═══ Given records ═══

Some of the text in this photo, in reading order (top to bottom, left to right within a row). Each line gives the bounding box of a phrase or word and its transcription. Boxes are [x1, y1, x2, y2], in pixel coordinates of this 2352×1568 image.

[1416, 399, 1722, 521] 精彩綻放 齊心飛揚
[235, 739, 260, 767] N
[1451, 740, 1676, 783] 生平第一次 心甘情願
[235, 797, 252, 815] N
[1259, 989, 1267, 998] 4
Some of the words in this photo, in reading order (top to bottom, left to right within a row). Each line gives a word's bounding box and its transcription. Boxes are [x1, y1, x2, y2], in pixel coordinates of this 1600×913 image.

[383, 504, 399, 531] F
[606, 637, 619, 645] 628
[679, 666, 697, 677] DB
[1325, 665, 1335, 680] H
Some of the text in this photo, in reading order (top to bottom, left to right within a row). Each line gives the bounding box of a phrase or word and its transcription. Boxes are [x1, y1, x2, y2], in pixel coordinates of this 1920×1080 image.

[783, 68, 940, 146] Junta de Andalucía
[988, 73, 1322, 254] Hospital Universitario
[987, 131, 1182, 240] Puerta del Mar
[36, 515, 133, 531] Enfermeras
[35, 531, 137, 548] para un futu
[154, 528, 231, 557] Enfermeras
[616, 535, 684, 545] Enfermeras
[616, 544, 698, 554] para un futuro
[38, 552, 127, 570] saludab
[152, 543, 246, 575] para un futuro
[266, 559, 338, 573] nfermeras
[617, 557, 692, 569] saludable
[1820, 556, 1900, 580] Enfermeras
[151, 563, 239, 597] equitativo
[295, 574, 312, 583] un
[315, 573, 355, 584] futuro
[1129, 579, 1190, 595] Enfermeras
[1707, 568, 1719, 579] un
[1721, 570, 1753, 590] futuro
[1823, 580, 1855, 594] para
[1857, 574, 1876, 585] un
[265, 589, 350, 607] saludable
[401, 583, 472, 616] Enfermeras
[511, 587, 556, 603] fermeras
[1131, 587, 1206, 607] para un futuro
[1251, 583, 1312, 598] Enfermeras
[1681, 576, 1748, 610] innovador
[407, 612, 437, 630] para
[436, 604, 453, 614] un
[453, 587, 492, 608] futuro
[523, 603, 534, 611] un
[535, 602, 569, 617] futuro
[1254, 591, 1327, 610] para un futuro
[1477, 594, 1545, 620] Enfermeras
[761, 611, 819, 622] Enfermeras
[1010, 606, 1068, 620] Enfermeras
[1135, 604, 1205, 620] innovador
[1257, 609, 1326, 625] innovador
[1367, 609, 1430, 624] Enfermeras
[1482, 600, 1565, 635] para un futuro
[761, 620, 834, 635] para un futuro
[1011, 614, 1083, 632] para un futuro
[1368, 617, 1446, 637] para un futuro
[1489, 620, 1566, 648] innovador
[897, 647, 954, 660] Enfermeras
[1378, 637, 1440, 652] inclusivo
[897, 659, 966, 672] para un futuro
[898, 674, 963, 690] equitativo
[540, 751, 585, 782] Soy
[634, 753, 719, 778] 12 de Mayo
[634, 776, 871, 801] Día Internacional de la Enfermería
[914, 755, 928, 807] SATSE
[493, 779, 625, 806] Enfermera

═══

> **Description of the task**:
Extract the full listing above without altering anything.

> **Response to this exercise**:
Some of the text in this photo, in reading order (top to bottom, left to right within a row). Each line gives the bounding box of a phrase or word and its transcription. Boxes are [x1, y1, x2, y2], in pixel coordinates of this 2352×1568 image.

[1416, 399, 1722, 521] 精彩綻放 齊心飛揚
[235, 739, 260, 767] N
[1451, 740, 1676, 783] 生平第一次 心甘情願
[235, 797, 252, 815] N
[1259, 989, 1267, 998] 4
Some of the words in this photo, in reading order (top to bottom, left to right within a row). Each line gives a word's bounding box and its transcription. Boxes are [x1, y1, x2, y2], in pixel coordinates of this 1600×913 image.

[383, 504, 399, 531] F
[606, 637, 619, 645] 628
[679, 666, 697, 677] DB
[1325, 665, 1335, 680] H
Some of the text in this photo, in reading order (top to bottom, left to right within a row). Each line gives the bounding box of a phrase or word and its transcription. Boxes are [x1, y1, x2, y2], in pixel coordinates of this 1920×1080 image.

[783, 68, 940, 146] Junta de Andalucía
[988, 73, 1322, 254] Hospital Universitario
[987, 131, 1182, 240] Puerta del Mar
[36, 515, 133, 531] Enfermeras
[35, 531, 137, 548] para un futu
[154, 528, 231, 557] Enfermeras
[616, 535, 684, 545] Enfermeras
[616, 544, 698, 554] para un futuro
[38, 552, 127, 570] saludab
[152, 543, 246, 575] para un futuro
[266, 559, 338, 573] nfermeras
[617, 557, 692, 569] saludable
[1820, 556, 1900, 580] Enfermeras
[151, 563, 239, 597] equitativo
[295, 574, 312, 583] un
[315, 573, 355, 584] futuro
[1129, 579, 1190, 595] Enfermeras
[1707, 568, 1719, 579] un
[1721, 570, 1753, 590] futuro
[1823, 580, 1855, 594] para
[1857, 574, 1876, 585] un
[265, 589, 350, 607] saludable
[401, 583, 472, 616] Enfermeras
[511, 587, 556, 603] fermeras
[1131, 587, 1206, 607] para un futuro
[1251, 583, 1312, 598] Enfermeras
[1681, 576, 1748, 610] innovador
[407, 612, 437, 630] para
[436, 604, 453, 614] un
[453, 587, 492, 608] futuro
[523, 603, 534, 611] un
[535, 602, 569, 617] futuro
[1254, 591, 1327, 610] para un futuro
[1477, 594, 1545, 620] Enfermeras
[761, 611, 819, 622] Enfermeras
[1010, 606, 1068, 620] Enfermeras
[1135, 604, 1205, 620] innovador
[1257, 609, 1326, 625] innovador
[1367, 609, 1430, 624] Enfermeras
[1482, 600, 1565, 635] para un futuro
[761, 620, 834, 635] para un futuro
[1011, 614, 1083, 632] para un futuro
[1368, 617, 1446, 637] para un futuro
[1489, 620, 1566, 648] innovador
[897, 647, 954, 660] Enfermeras
[1378, 637, 1440, 652] inclusivo
[897, 659, 966, 672] para un futuro
[898, 674, 963, 690] equitativo
[540, 751, 585, 782] Soy
[634, 753, 719, 778] 12 de Mayo
[634, 776, 871, 801] Día Internacional de la Enfermería
[914, 755, 928, 807] SATSE
[493, 779, 625, 806] Enfermera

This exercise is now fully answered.